Opponents also worry that the library's research functions are being slighted in favor of what critics consider unproven innovations. Critics point to the Science Industry and Business library. Built when libraries believed the CD-ROM was the wave of the future, it has never quite lived up to its promise.
Charles Peterson, editor of the literary magazine N+1, says a transitional era — when relatively new devices like the iPad and Kindle are reshaping how people read and use books — calls for a more transitional plan.
"It's true that more and more people are getting e-readers," Peterson says. "But we really don't know what research is going to look like in 10 or 20 years."
The closing of some libraries and collections, like the closure of the Slavic and Baltic Collection in 2008, has helped fuel the distrust among scholars.

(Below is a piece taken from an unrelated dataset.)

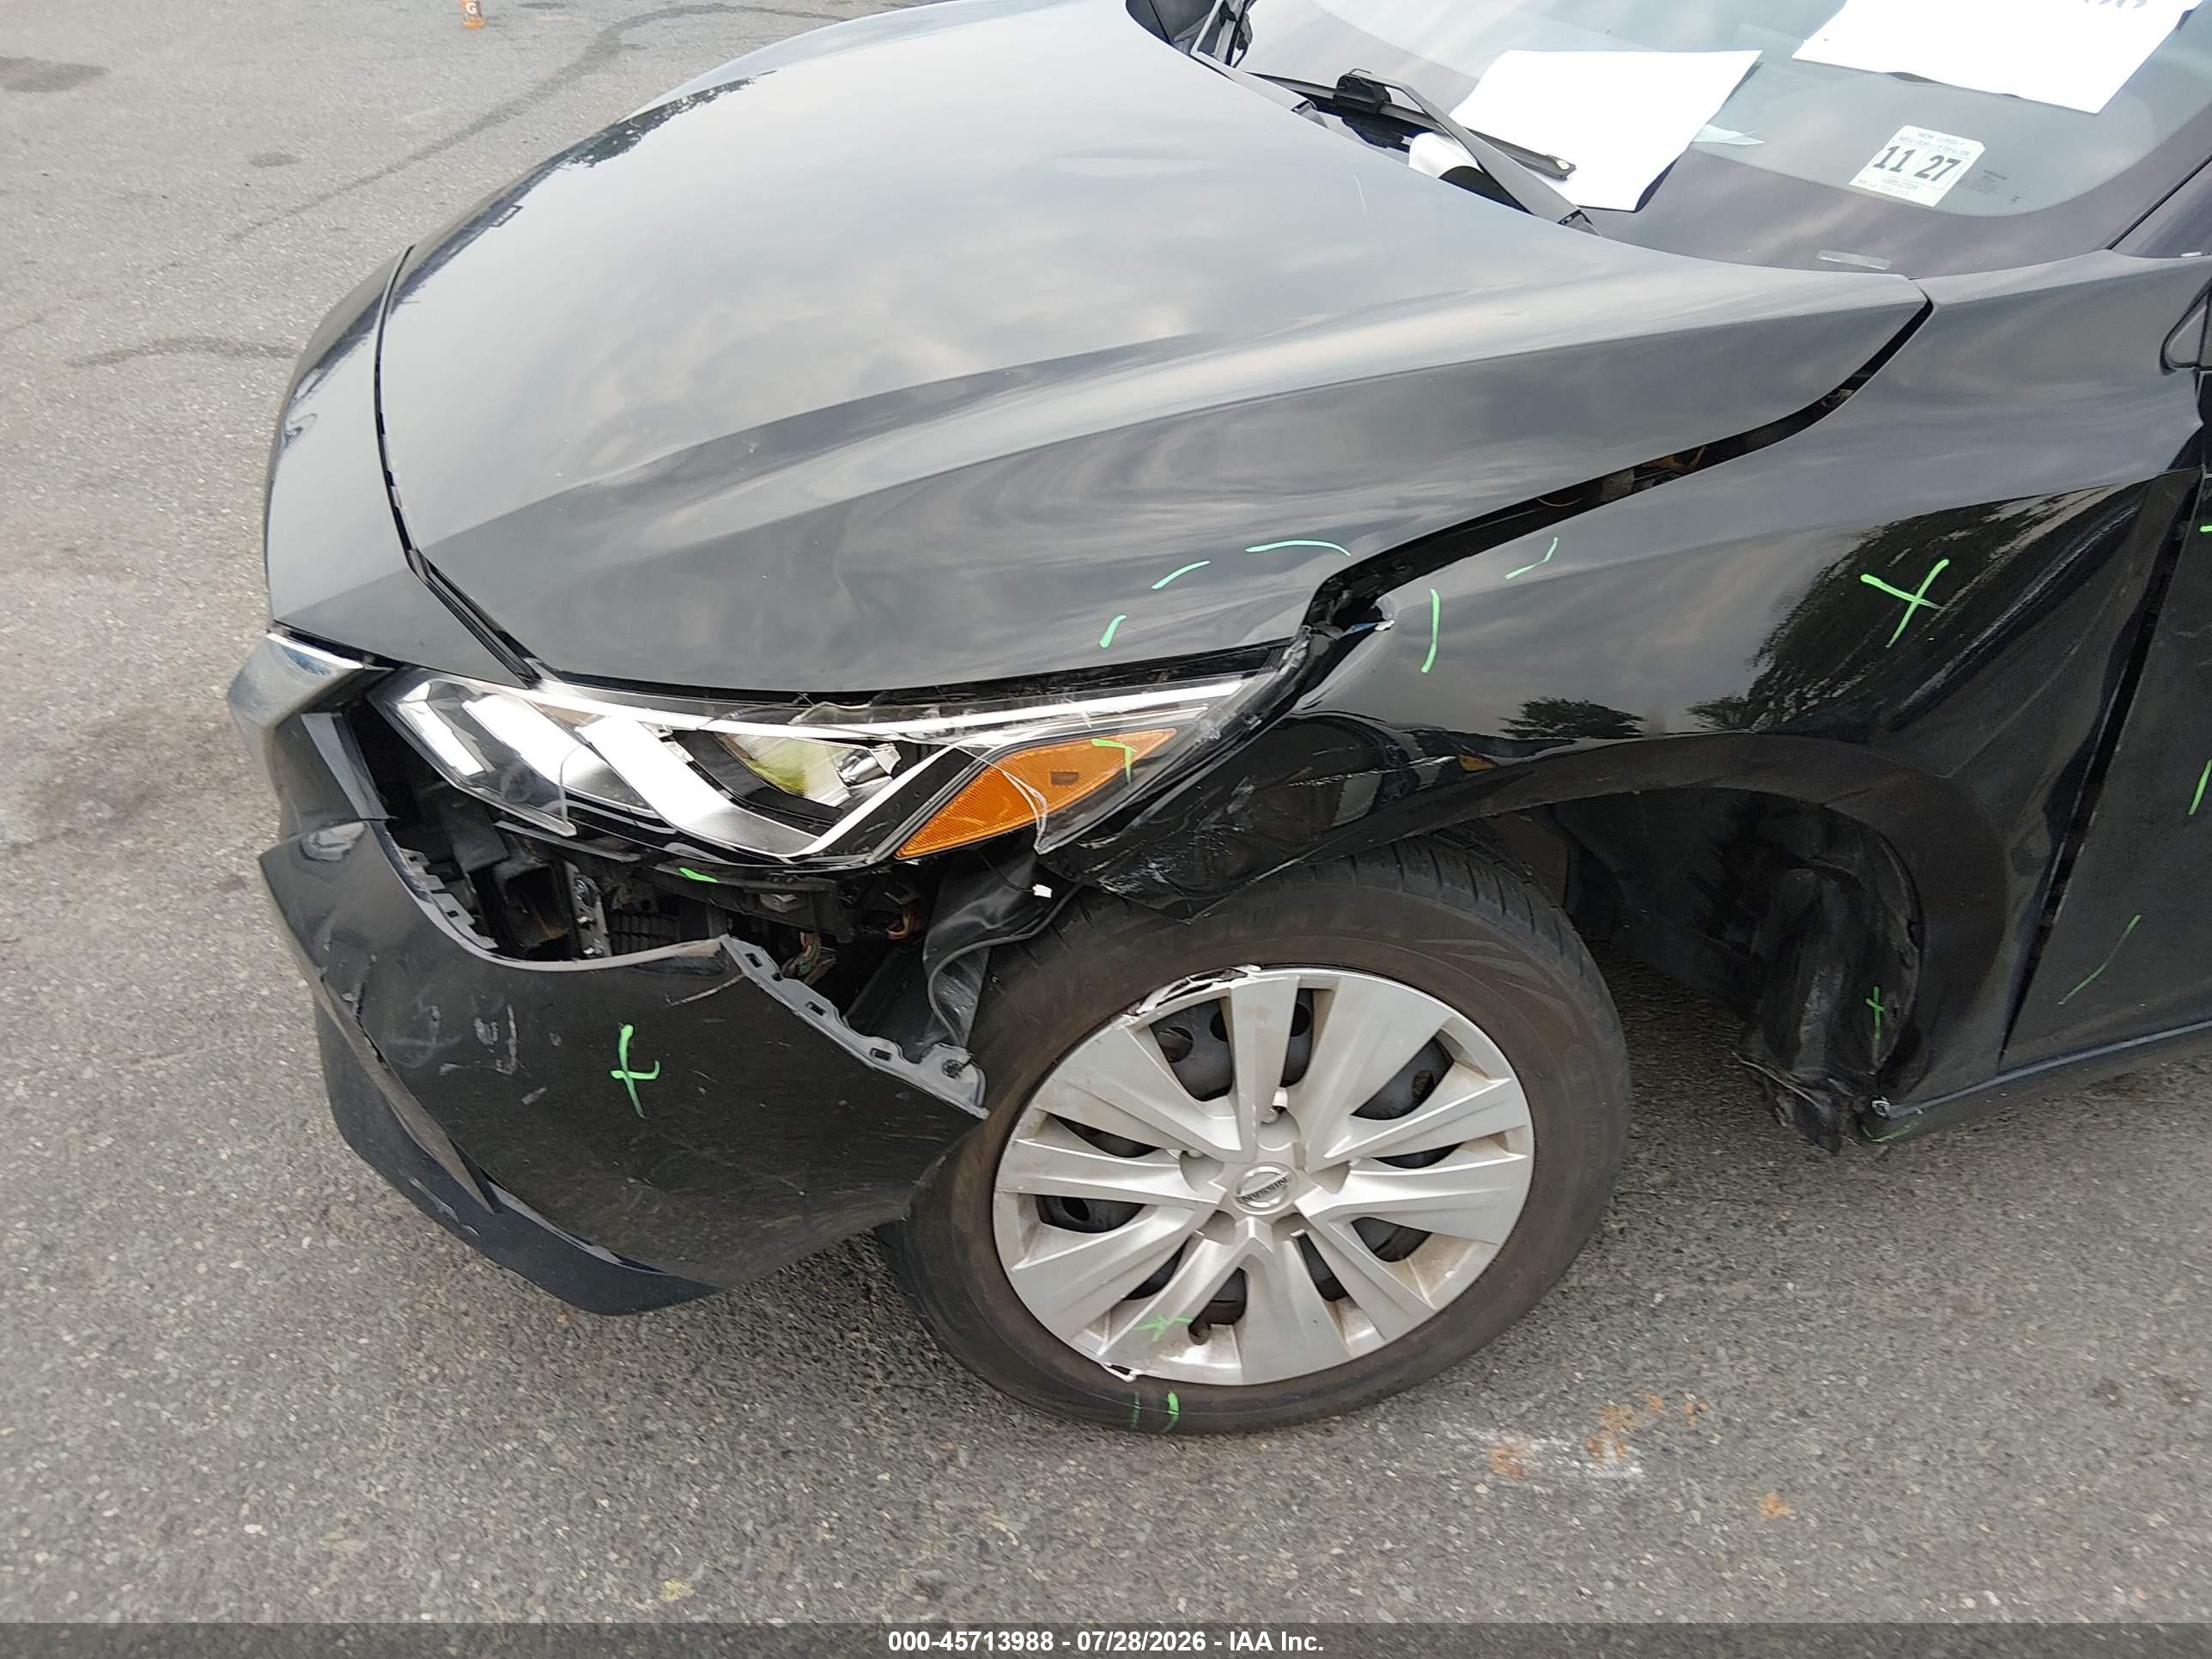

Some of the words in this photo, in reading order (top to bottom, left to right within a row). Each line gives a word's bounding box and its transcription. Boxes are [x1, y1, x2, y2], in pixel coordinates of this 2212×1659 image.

[1873, 145, 1916, 173] 11
[1914, 155, 1960, 181] 27
[1242, 1177, 1288, 1202] NISSAN

The controversy has even been spoofed by the public radio program A Prarie Home Companion. In the sketch, someone comes looking for a work by Pushkin, only to find books being carted away by a forklift to build mountains in North Dakota.
Opponents of the plan also complain about a lack of transparency, claiming that librarians have been reluctant to speak publicly about concerns surrounding the plan.
Several former librarians backed up those claims at the New School debate, claiming they had to sign agreements not to talk about these issues when they left their jobs.
A Library 'Feeding The Informed Citizenry'
For the library's part, CEO Tony Marx rejects concerns that the renovations will water down the library's essential functions.
"The Mid-Manhattan library and SIBL are not going to be an Internet cafe," Marx says. "They are to be a great circulating library, feeding the informed citizenry with ideas, and a place to think and study."
In response to concerns that the books will be out of easy reach of scholars, Marx says bar-coding each book will make it possible to retrieve any volume from off-site storage within 24 hours.
Moreover, Marx says, the library will hire more trucks and will deliver at night. And, he adds, patrons will also be able to shorten wait times by ordering books in advance and on Saturdays.
As to concerns about library staff being asked to refrain from discussing the project, Marx says talking about policy issues is not off limits under his administration. "I need to hear what people think. I want to get advice. I'll take criticism," he says.
Questions about the Central Library Plan still remain. Architectural plans have not yet surfaced. The city's role is still unclear. And the New School debate in May was the first real public airing of these issues.
One thing is clear to those following the controversy: the library's president and trustees will have a difficult time moving the renovation plan forward smoothly without more public discussion and transparency.